(Recorded data)
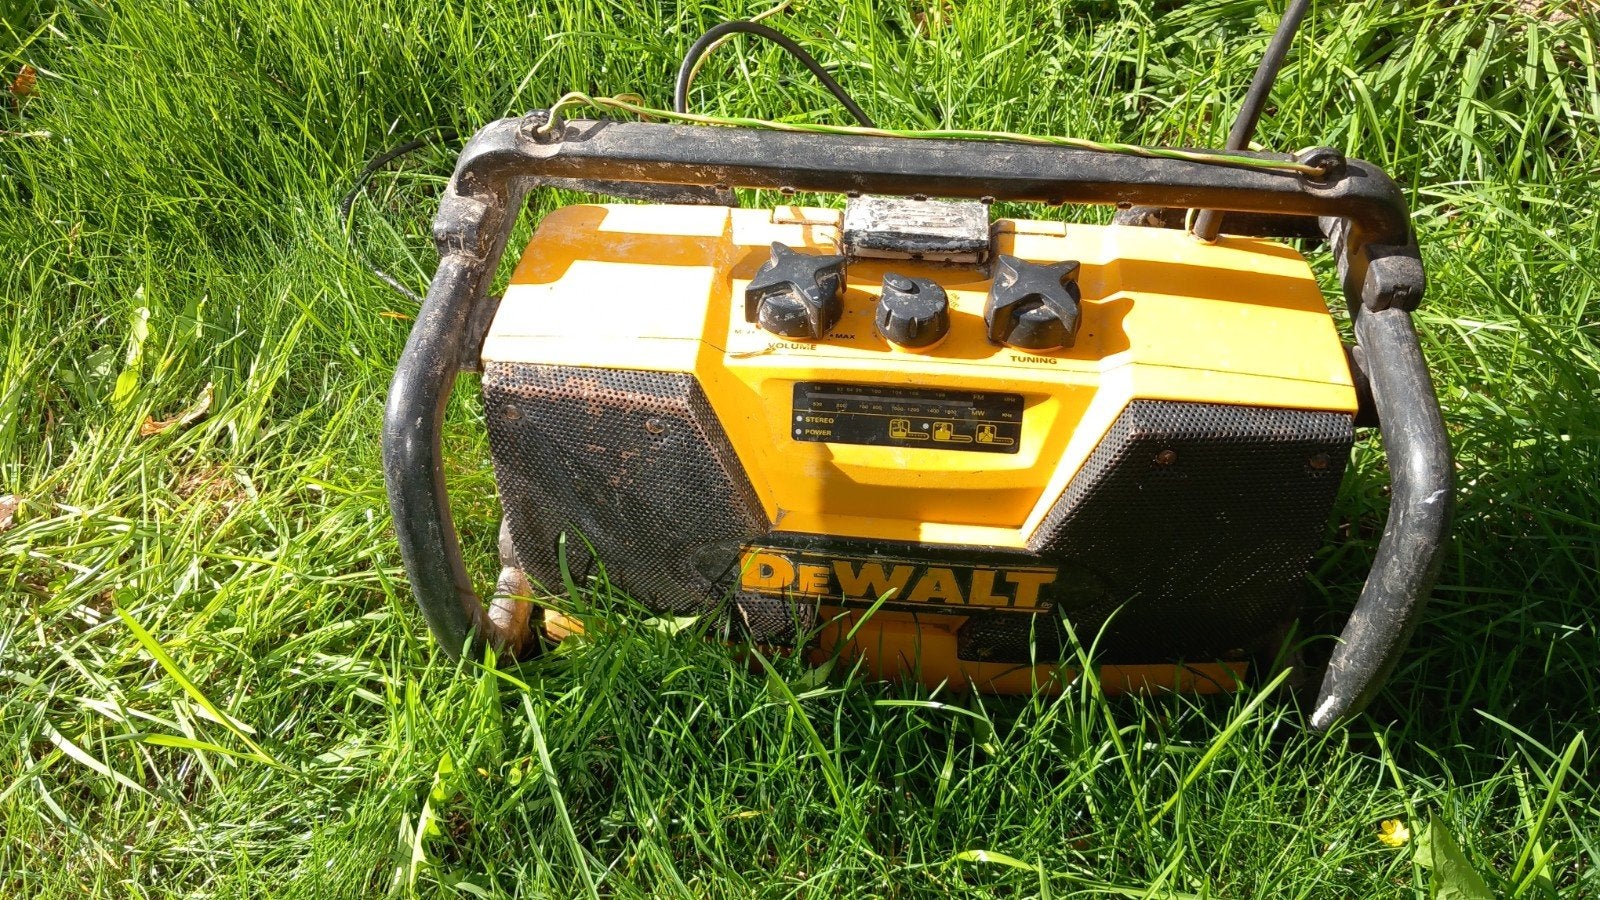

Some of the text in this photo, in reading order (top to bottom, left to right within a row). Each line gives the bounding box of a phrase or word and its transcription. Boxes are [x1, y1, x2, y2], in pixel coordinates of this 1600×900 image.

[767, 342, 817, 351] VOLUME
[1010, 355, 1058, 365] TUNING
[805, 416, 835, 424] STEREO
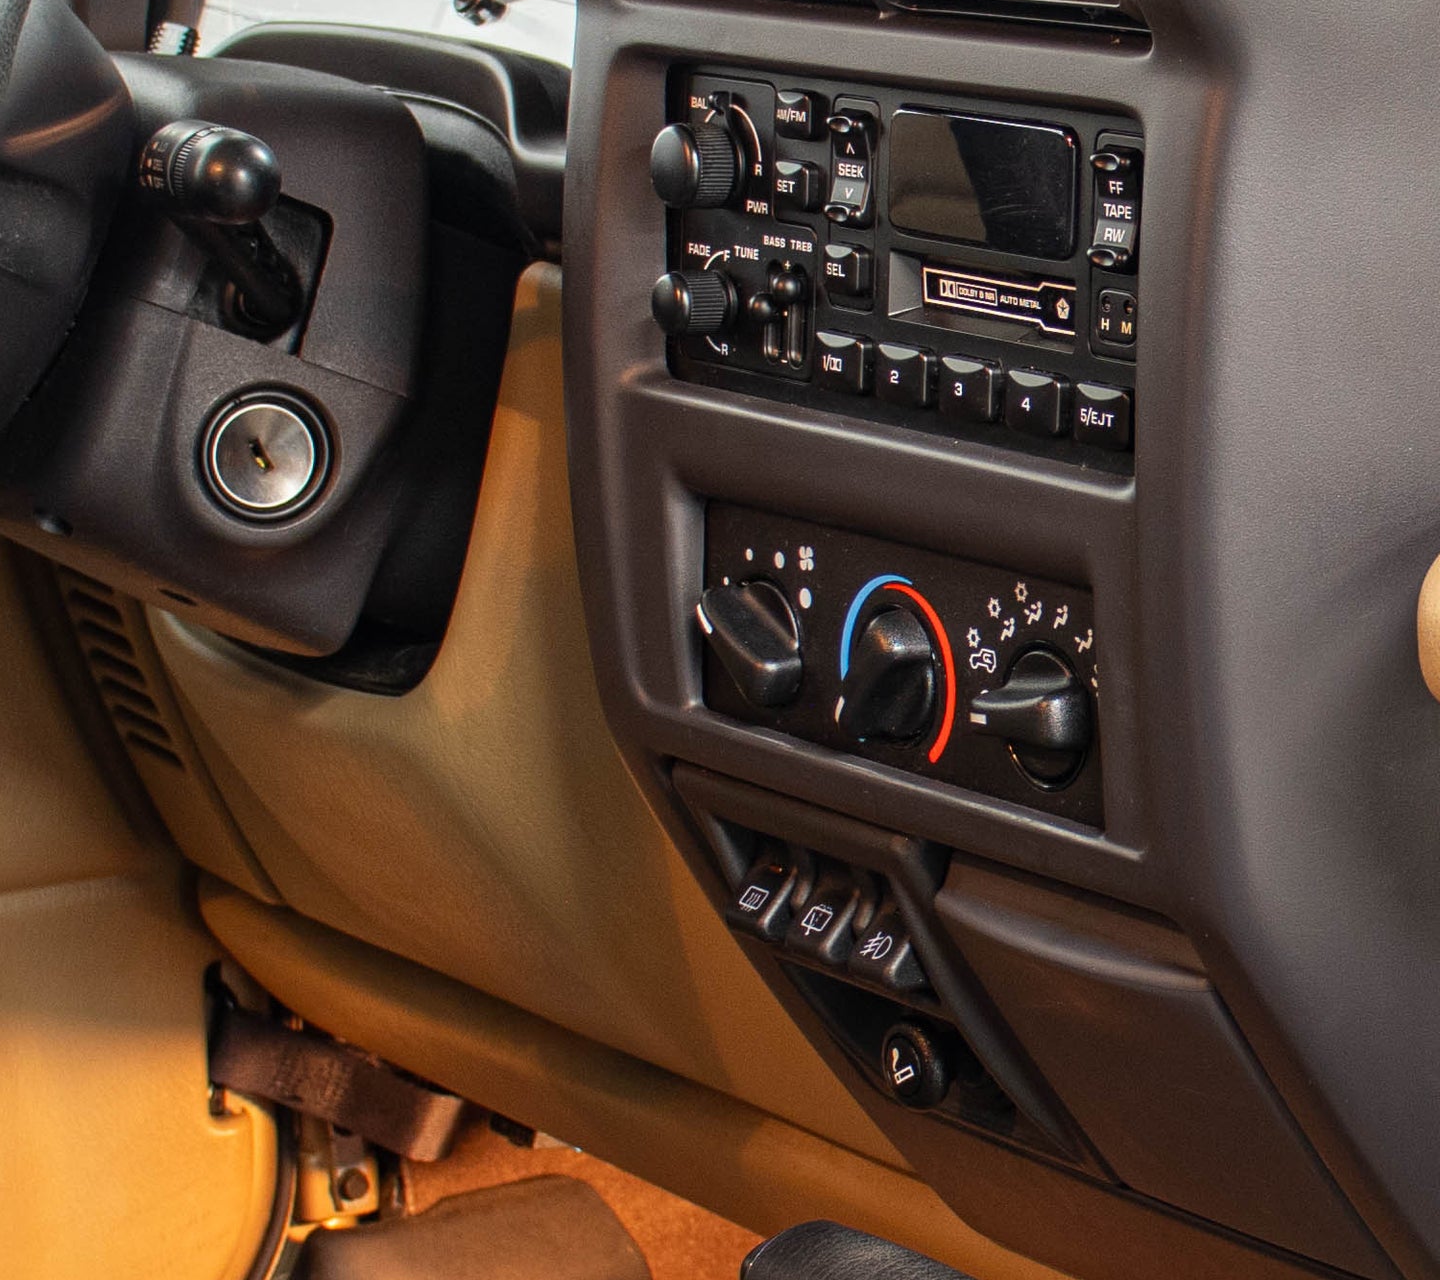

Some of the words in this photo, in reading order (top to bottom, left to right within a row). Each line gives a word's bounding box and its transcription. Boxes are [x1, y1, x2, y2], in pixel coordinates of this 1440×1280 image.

[690, 96, 708, 109] BAL
[776, 107, 806, 122] AM/FM
[755, 163, 763, 176] R
[838, 163, 864, 178] SEEK
[776, 179, 795, 193] SET
[1109, 180, 1124, 195] FF
[746, 200, 768, 214] PWR
[1103, 203, 1132, 219] TAPE
[1103, 227, 1125, 242] RW
[763, 235, 786, 249] BASS
[790, 239, 813, 253] TREB
[688, 242, 711, 257] FADE
[723, 250, 730, 262] F
[734, 245, 760, 260] TUNE
[826, 262, 846, 277] SEL
[959, 287, 978, 298] DOLBY
[1000, 295, 1018, 306] AUTO
[1020, 298, 1042, 310] METAL
[1101, 317, 1110, 330] H
[1121, 321, 1132, 335] M
[721, 343, 729, 356] R
[890, 371, 899, 384] 2
[954, 382, 963, 397] 3
[1021, 397, 1030, 411] 4
[1080, 407, 1115, 428] 5/EJT
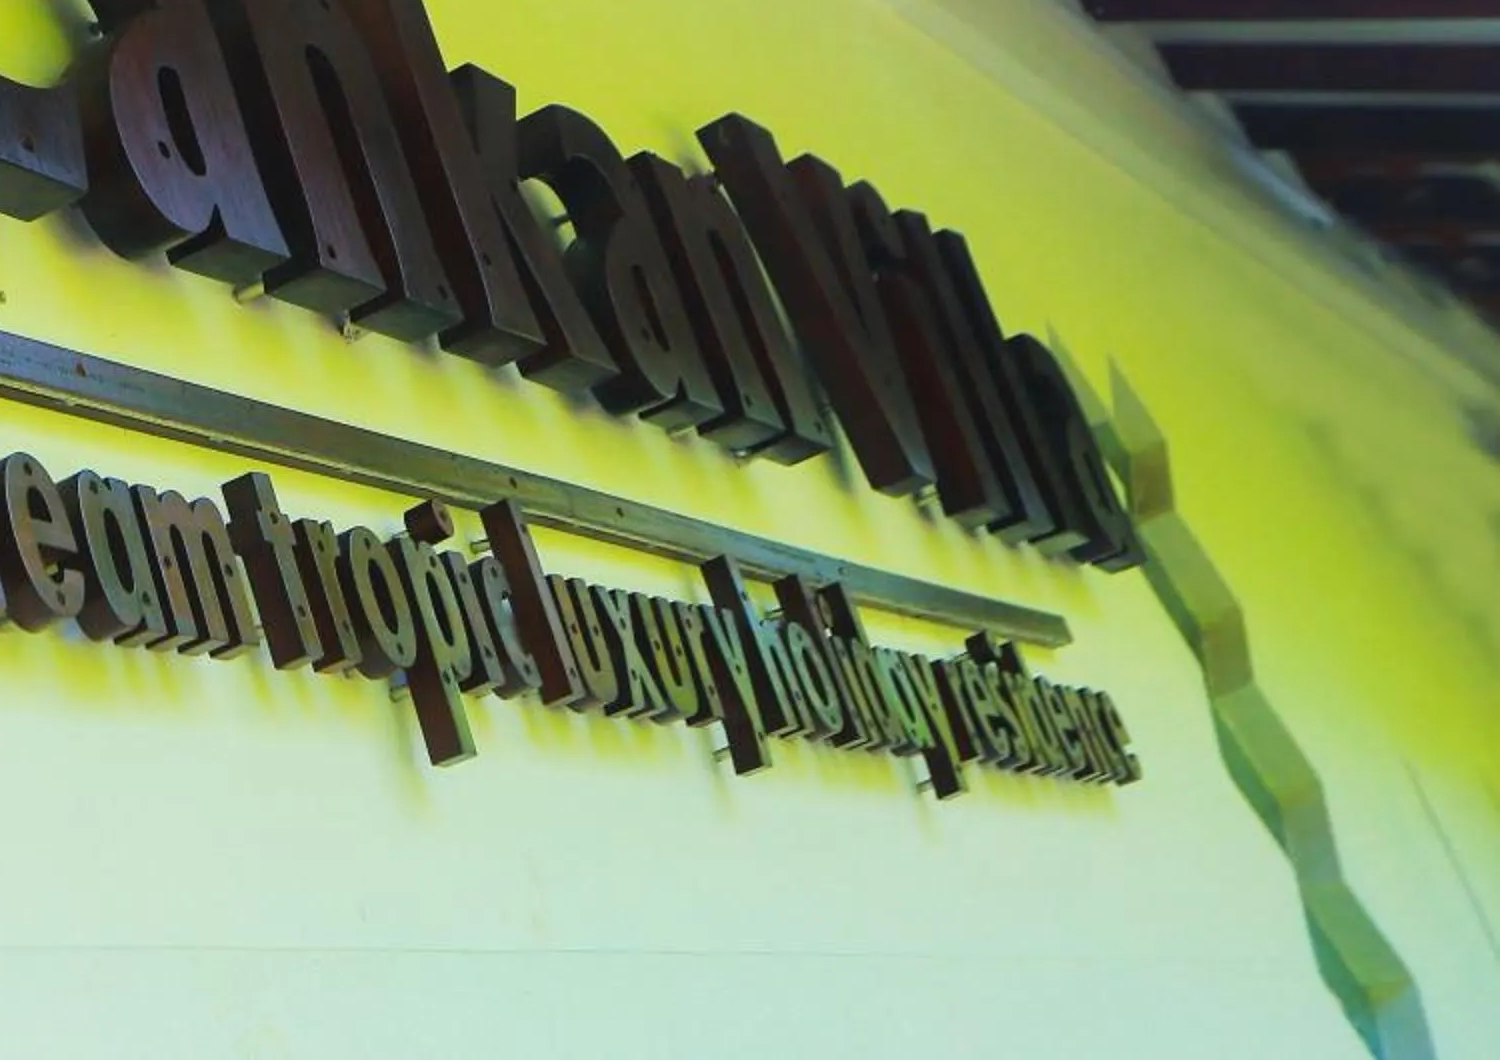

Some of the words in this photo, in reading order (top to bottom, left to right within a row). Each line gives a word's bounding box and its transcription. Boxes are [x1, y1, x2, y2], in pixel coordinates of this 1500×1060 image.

[694, 111, 1146, 574] Villa
[222, 471, 542, 768] tropic
[479, 498, 773, 777] luxury
[701, 554, 970, 801] holiday
[931, 628, 1143, 787] residence

- _TASK DIRECTIONS_:
What is needed is an exact retyping of every line from the one containing "this 1500×1060 image." through the final line of the entries, and only those lines.

- _YOUR RESPONSE_:
Some of the words in this photo, in reading order (top to bottom, left to right within a row). Each line gives a word's bounding box and its transcription. Boxes are [x1, y1, x2, y2], in pixel coordinates of this 1500×1060 image.

[694, 111, 1146, 574] Villa
[222, 471, 542, 768] tropic
[479, 498, 773, 777] luxury
[701, 554, 970, 801] holiday
[931, 628, 1143, 787] residence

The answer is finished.